__Task requirements__
Your task is to give the listing below back word for word, pictures excluded.

__Information__
BEGIN
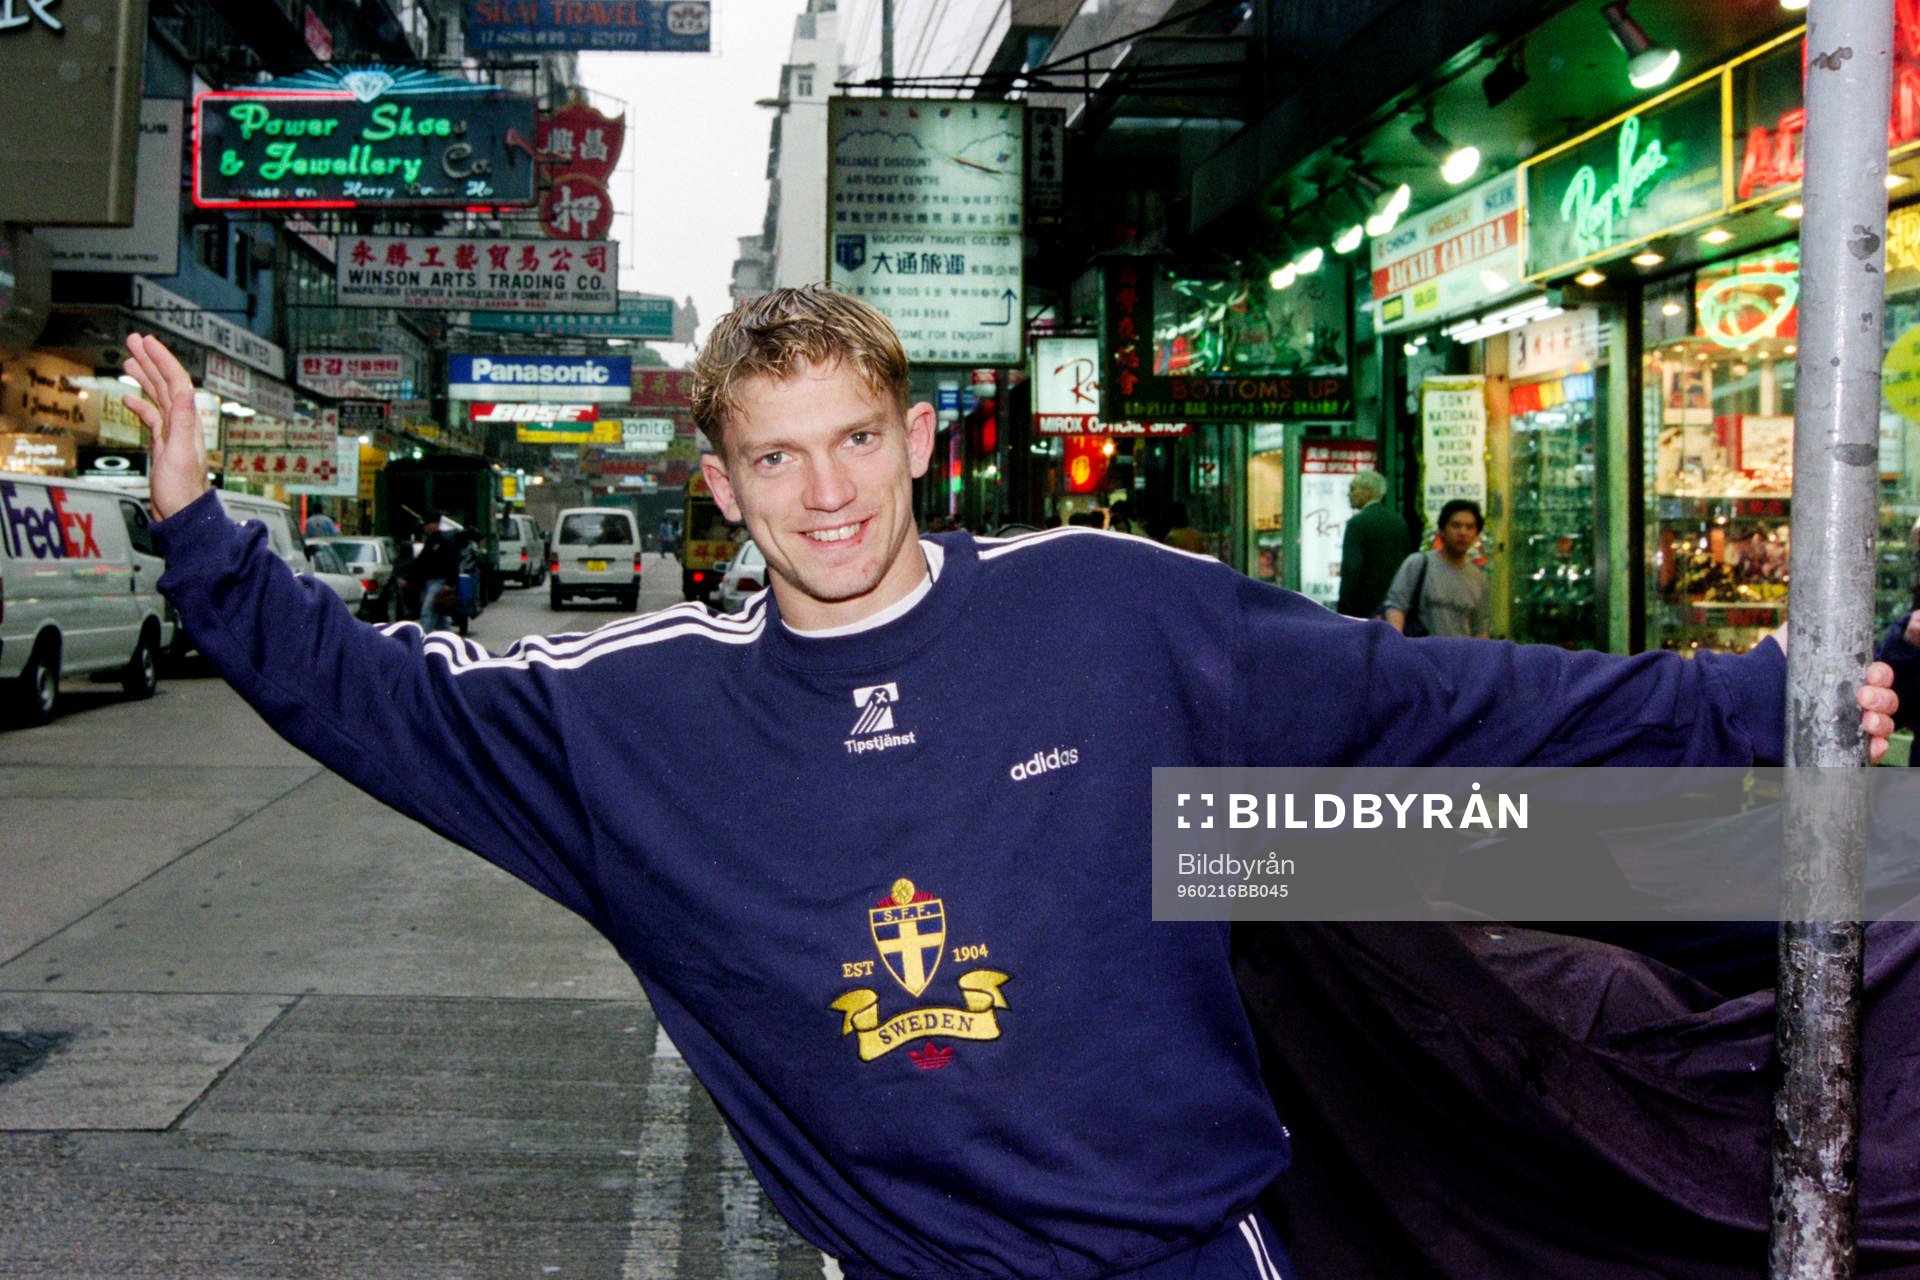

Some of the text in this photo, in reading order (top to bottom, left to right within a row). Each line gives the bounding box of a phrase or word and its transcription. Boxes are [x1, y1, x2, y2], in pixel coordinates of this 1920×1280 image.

[552, 1, 644, 28] TRAVEL
[228, 103, 338, 140] Power
[220, 149, 244, 176] &
[259, 142, 423, 182] Jewellery
[871, 234, 924, 245] VACATION
[931, 235, 966, 246] TRAVEL
[1443, 218, 1513, 273] CAMERA
[348, 268, 607, 291] WINSON ARTS TRADING CO.
[472, 357, 610, 385] Panasonic
[1172, 379, 1339, 400] BOTTOMS UP
[1440, 394, 1471, 407] SONY
[490, 404, 593, 422] BOSE
[1428, 409, 1480, 421] NATIONAL
[1040, 416, 1084, 432] MIROX
[1433, 424, 1477, 437] MINOLTA
[1438, 440, 1472, 451] NIKON
[1437, 454, 1473, 467] CANON
[1444, 468, 1469, 481] JVC
[1428, 483, 1480, 496] NINTENDO
[1, 480, 102, 559] FedEx
[844, 731, 916, 754] Tipstjänst
[1010, 746, 1079, 781] adidas
[884, 905, 932, 922] S.F.F.
[842, 944, 989, 978] EST 1904
[878, 1013, 975, 1046] SWEDEN
END
__Response for this exercise__
Some of the text in this photo, in reading order (top to bottom, left to right within a row). Each line gives the bounding box of a phrase or word and its transcription. Boxes are [x1, y1, x2, y2], in pixel coordinates of this 1920×1280 image.

[552, 1, 644, 28] TRAVEL
[228, 103, 338, 140] Power
[220, 149, 244, 176] &
[259, 142, 423, 182] Jewellery
[871, 234, 924, 245] VACATION
[931, 235, 966, 246] TRAVEL
[1443, 218, 1513, 273] CAMERA
[348, 268, 607, 291] WINSON ARTS TRADING CO.
[472, 357, 610, 385] Panasonic
[1172, 379, 1339, 400] BOTTOMS UP
[1440, 394, 1471, 407] SONY
[490, 404, 593, 422] BOSE
[1428, 409, 1480, 421] NATIONAL
[1040, 416, 1084, 432] MIROX
[1433, 424, 1477, 437] MINOLTA
[1438, 440, 1472, 451] NIKON
[1437, 454, 1473, 467] CANON
[1444, 468, 1469, 481] JVC
[1428, 483, 1480, 496] NINTENDO
[1, 480, 102, 559] FedEx
[844, 731, 916, 754] Tipstjänst
[1010, 746, 1079, 781] adidas
[884, 905, 932, 922] S.F.F.
[842, 944, 989, 978] EST 1904
[878, 1013, 975, 1046] SWEDEN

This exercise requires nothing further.